For years, Reyes would become debilitated with monthly pain and vomiting. Yet, she was repeatedly told the same things: “bad menstrual cramps,” or “a rough period.”
It wasn’t until six years later, at the urging of her college nursing instructor, that Reyes sought medical help for her symptoms.
“She finally said to me, ‘This is not normal for you to have this much pain and vomiting with your period. You need to be helped,’” said Reyes.
According to a new research, Reyes is among a disproportionately large number of African-American women whose chronic pelvic pain was misdiagnosed.
AN AGGRESSIVE DISEASE
It is thought to occur when cells from inside of the uterus travel to other parts of the abdomen — instead of leaving the body — during a menstrual period. Those cells can then attach to the woman’s organs and continue to spread or grow larger with each menstrual period.
Over a short time, a woman with endometriosis can develop internal scarring and large growths, leading to painful menstrual periods, painful intercourse and intestinal symptoms.
One-third of women with endometriosis are infertile.
Despite being only 19 years old, the endometriosis had spread significantly inside of Reyes’ abdomen and doctors were already concerned about her ability to have children.
“I feel like if I was given the right advice at a younger age,” said Reyes. “My life would have been very different.”
Endometriosis can only be diagnosed with certainty through a laparascopic examination where the growths are visualized and a biopsy is taken.

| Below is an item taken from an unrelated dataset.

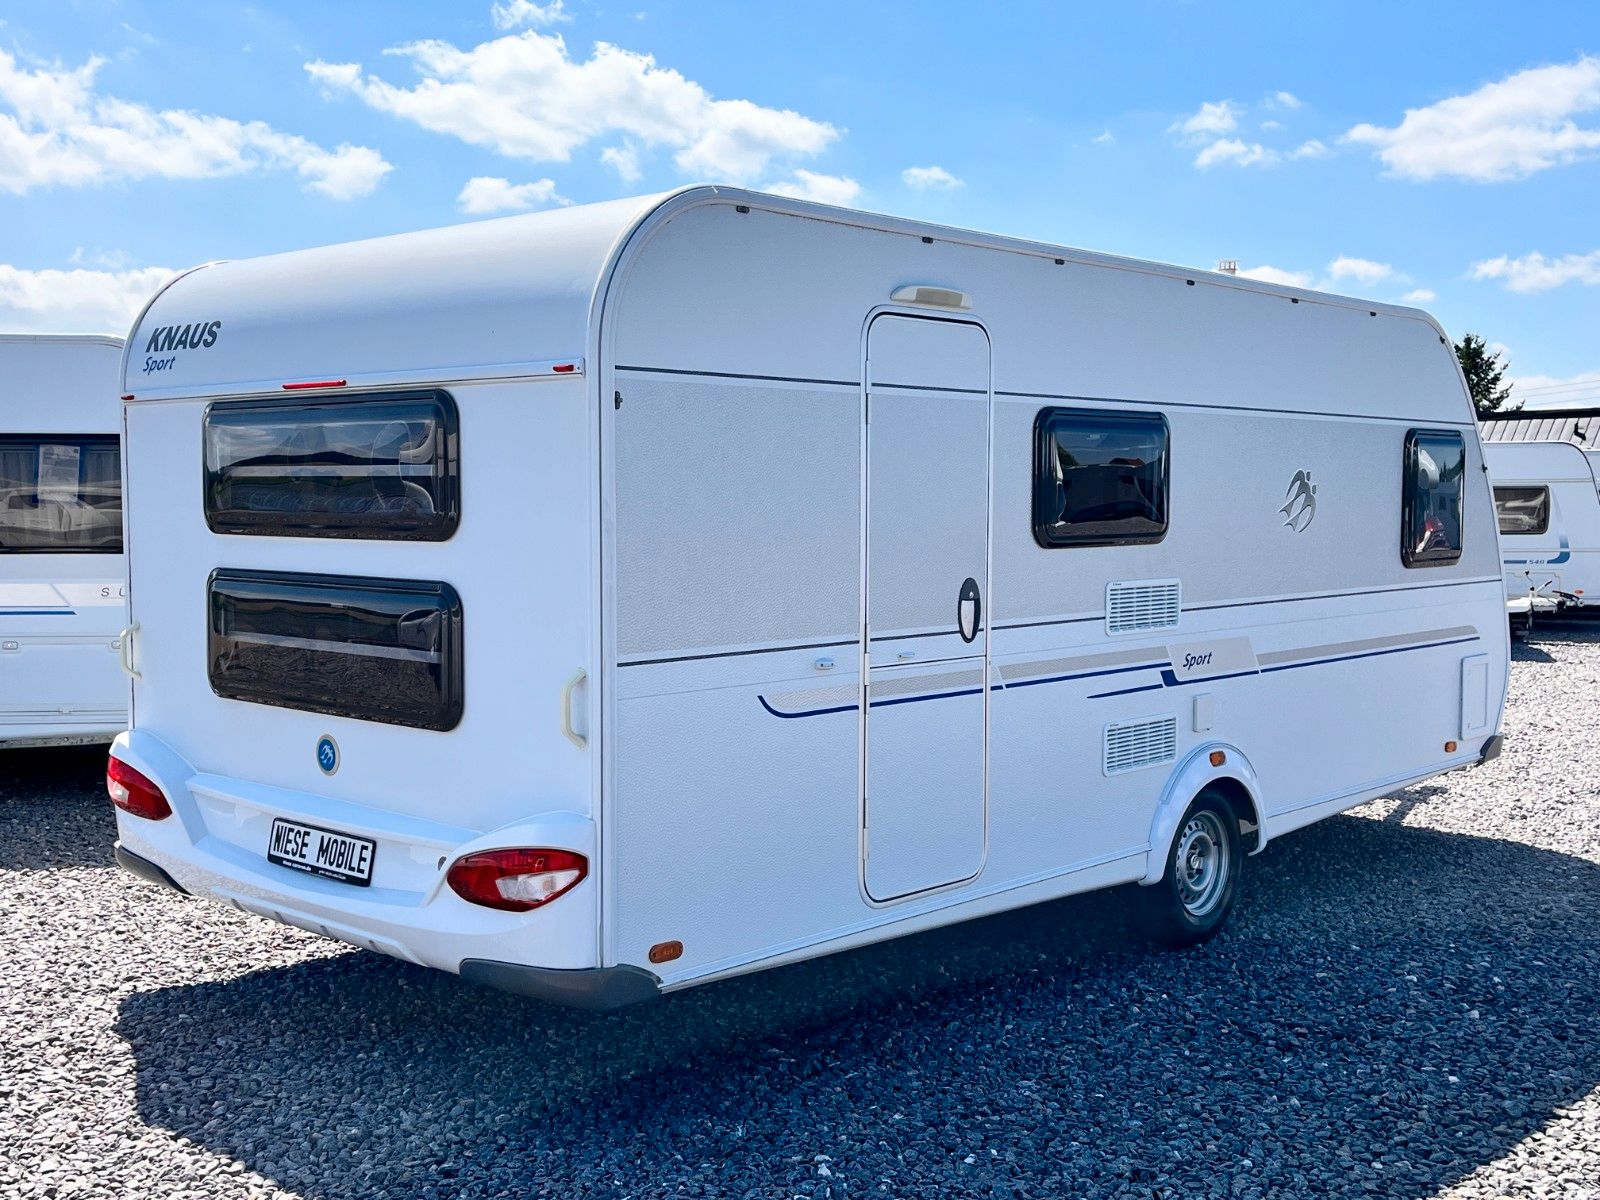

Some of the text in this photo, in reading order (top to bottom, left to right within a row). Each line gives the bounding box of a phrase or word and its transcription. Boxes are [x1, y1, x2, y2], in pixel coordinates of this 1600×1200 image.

[145, 320, 222, 353] KNAUS
[142, 356, 176, 376] Sport
[1182, 652, 1212, 671] Sport
[316, 835, 369, 875] MOBILE

For that reason, timely diagnosis depends on whether a doctor suspects endometriosis strongly enough to take the woman — whether adolescent or adult — to the operating room.
According to Reyes, a hesitation to use laparascopy early and aggressively, especially among young women, requires a culture change.

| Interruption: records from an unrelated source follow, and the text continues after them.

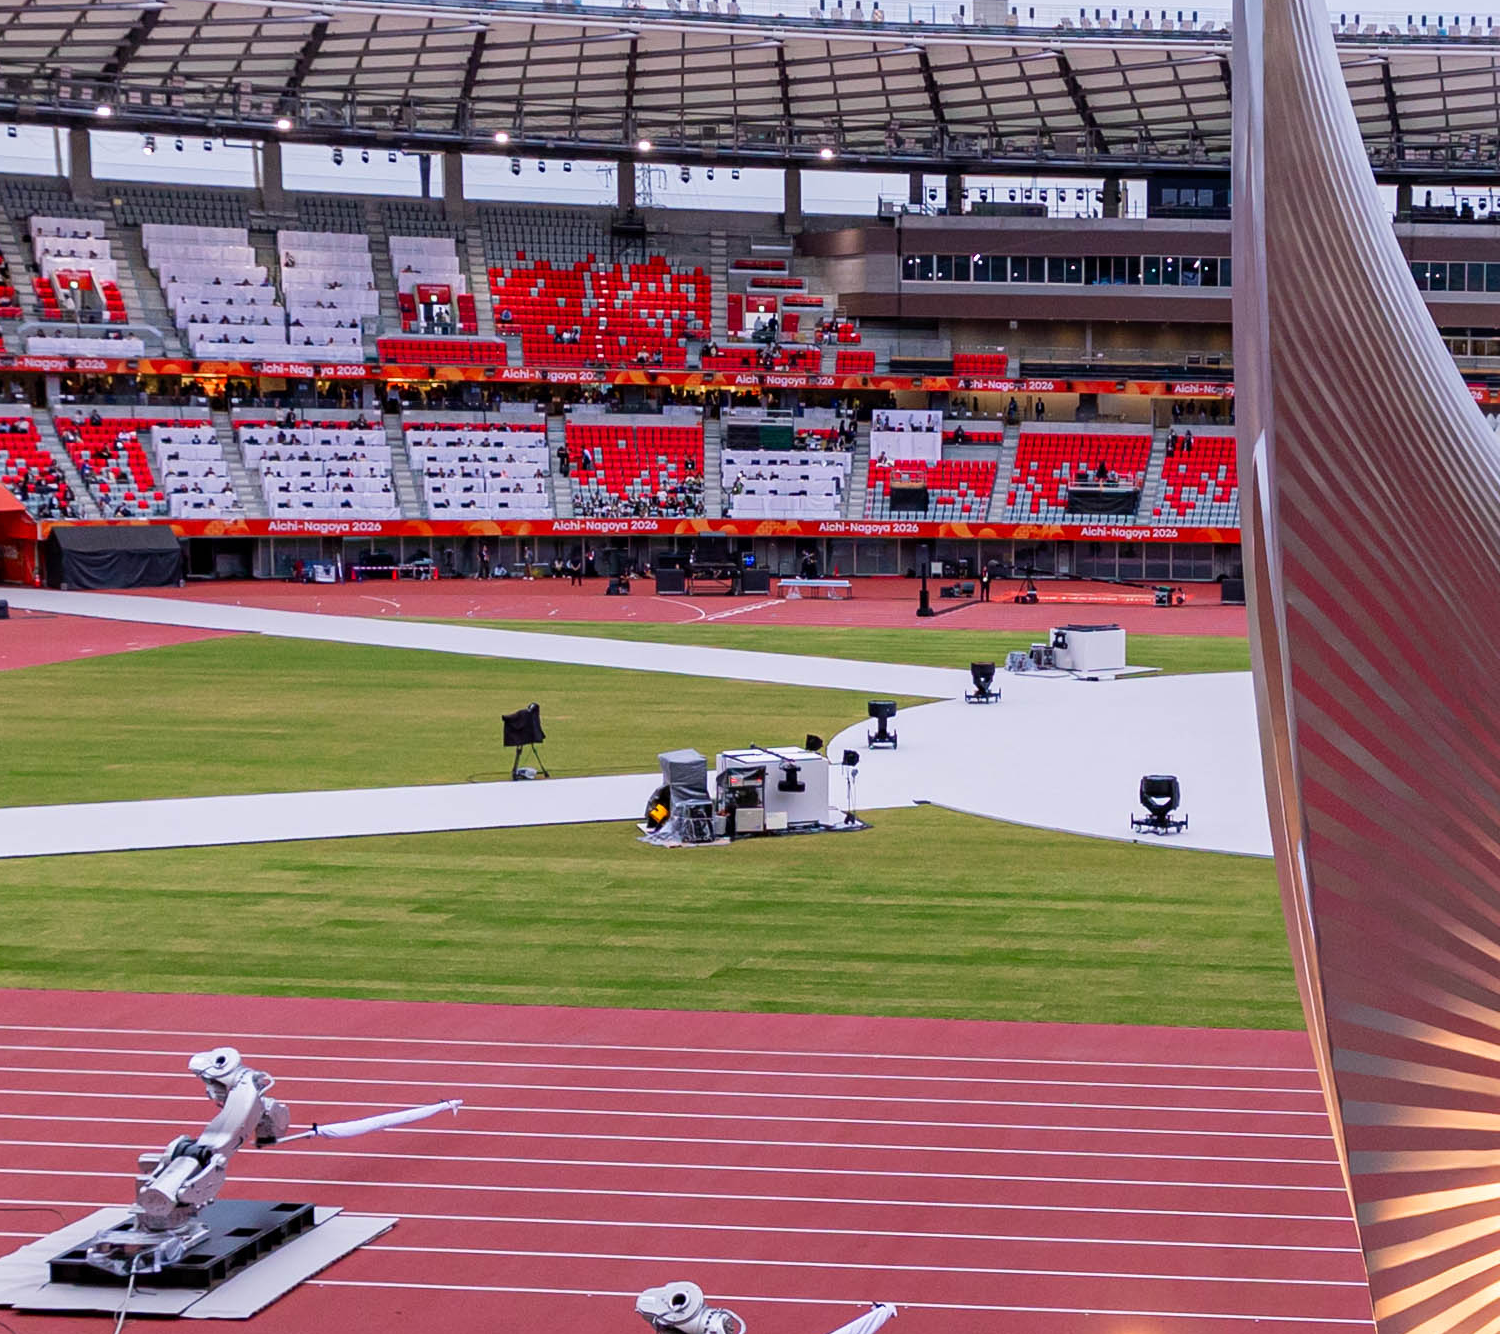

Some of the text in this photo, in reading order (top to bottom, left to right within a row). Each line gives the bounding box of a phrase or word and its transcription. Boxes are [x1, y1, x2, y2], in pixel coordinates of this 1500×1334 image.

[337, 366, 366, 375] 2026
[1029, 381, 1054, 390] 2026
[268, 521, 381, 533] Aichi-Nagoya 2026
[552, 521, 658, 533] Aichi-Nagoya 2026
[819, 522, 919, 534] Aichi-Nagoya 2026
[1081, 527, 1178, 538] Aichi-Nagoya 2026

“The thought of having a young woman go in for surgery is something that is hard for people to deal with,” Reyes said. “I’m sure my parents couldn’t get their heads around taking an 11-year-old into surgery.”
But, she also urges doctors to view removing endometriosis the way they would remove cancer. “It’s not seen as being as serious and life threatening, so doctors and parents will hesitate,” said Reyes. “But, disease is disease, it doesn’t really matter the age.”
BLACK WOMEN LEFT OUT
In research dating back to the 1970s, endometriosis is described as a condition that rarely affects African-American women or, if it does, affects them at the same rate as white women.

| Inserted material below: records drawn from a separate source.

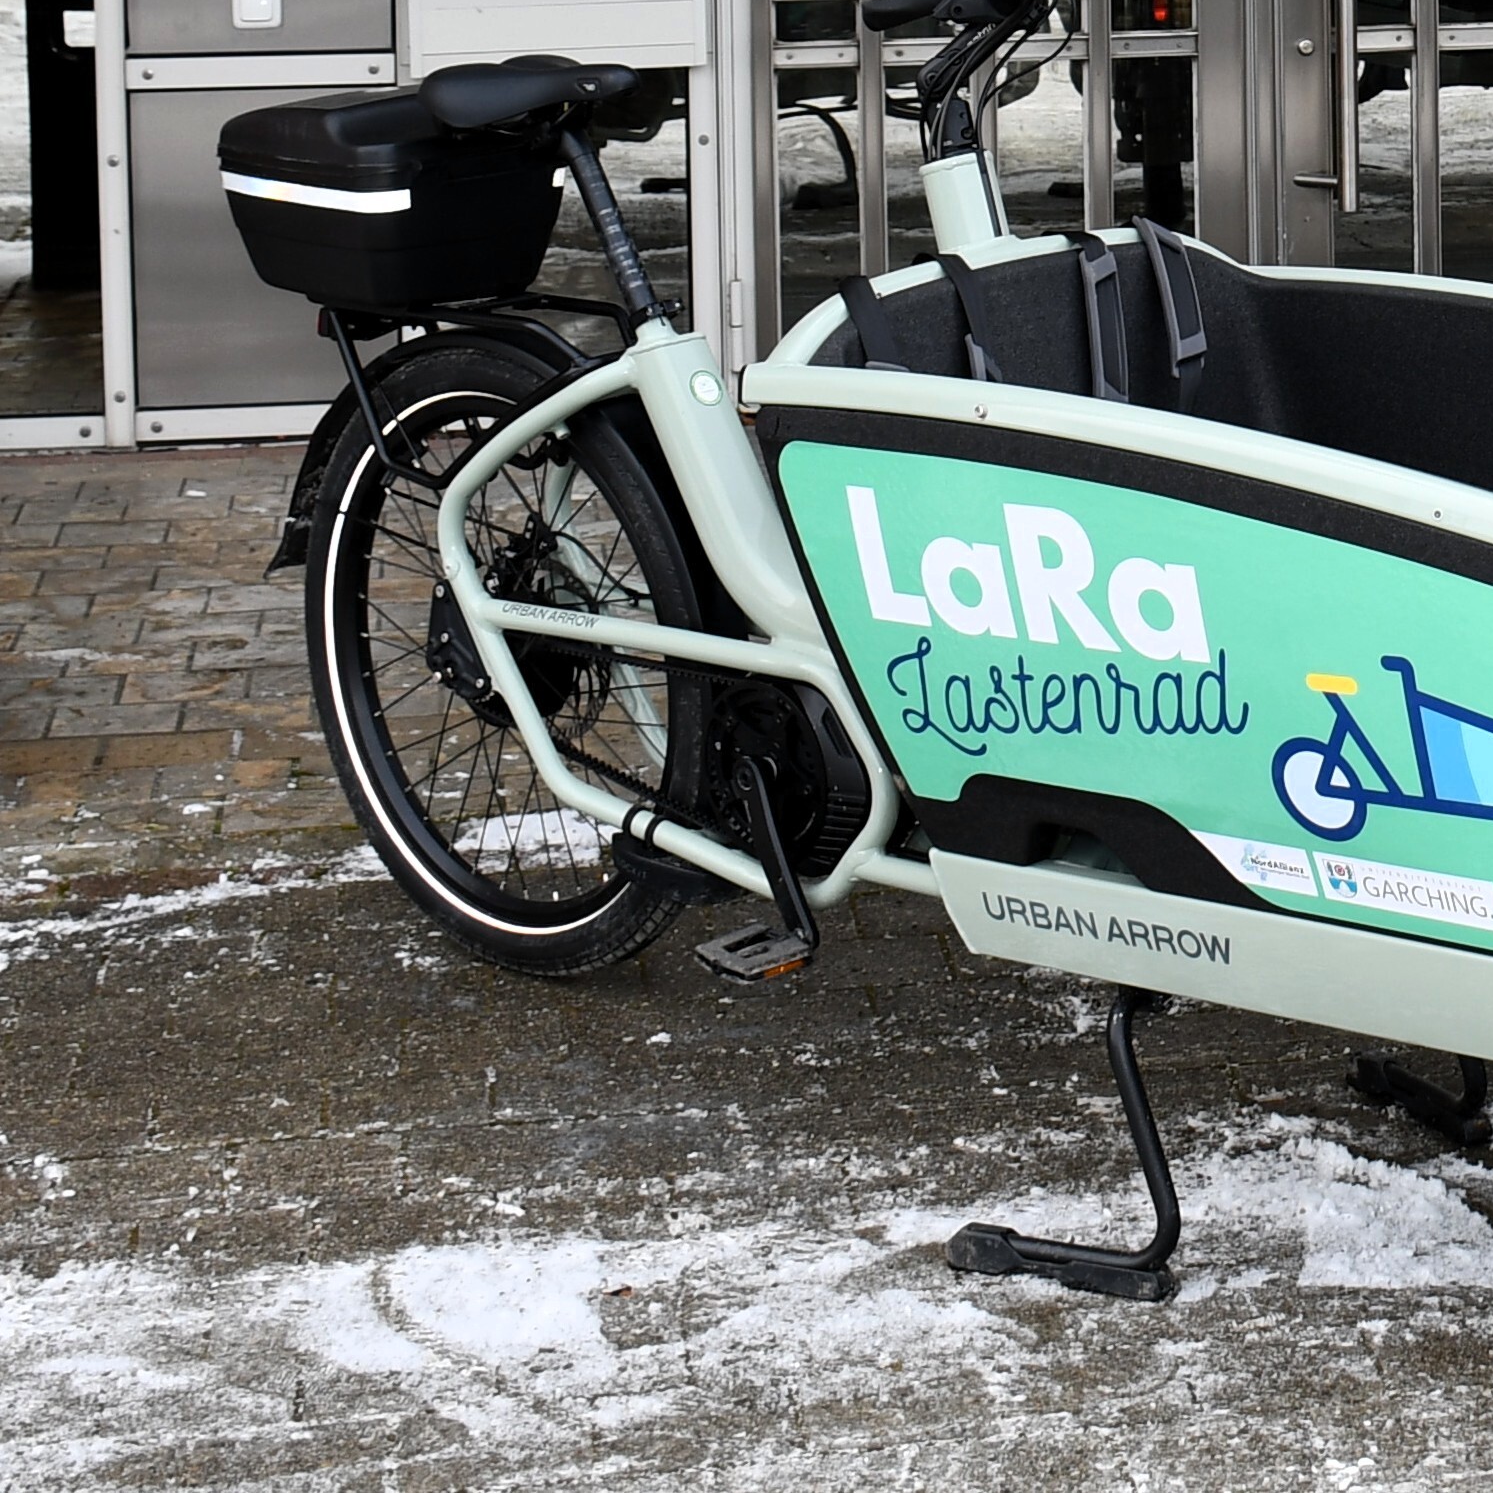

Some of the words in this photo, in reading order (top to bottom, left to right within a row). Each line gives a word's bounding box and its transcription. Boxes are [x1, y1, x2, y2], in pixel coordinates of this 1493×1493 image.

[501, 602, 547, 621] URBAN
[547, 610, 600, 629] ARROW
[845, 484, 1212, 664] LaRa
[887, 635, 1250, 757] Lastenrad
[981, 891, 1100, 940] URBAN
[1107, 915, 1231, 965] ARROW

However, a study presented yesterday out of Howard University Hospital found that African-American women with endometriosis are often misdiagnosed, and that more of these women are suffering from the condition than the old statistics indicate.
The reasons for this discrepancy are unclear, but researchers found a higher rate of misdiagnosis among women who also had fibroids — a condition commonly found in African-American women.
Fibroids — noncancerous tumors on the uterus — are easier to find and diagnose than endometriosis, and the two conditions cause similar symptoms.
According to this data, if a woman with endometriosis also had fibroids, it is more likely that the endometriosis would be missed, and the symptoms blamed on the fibroids.
Dr. Kevin Scott Smith, director of minimally invasive gynecologic surgery at Howard University Hospital and author of the study, says doctors have to be more suspicious of endometriosis, especially in this subset of patients.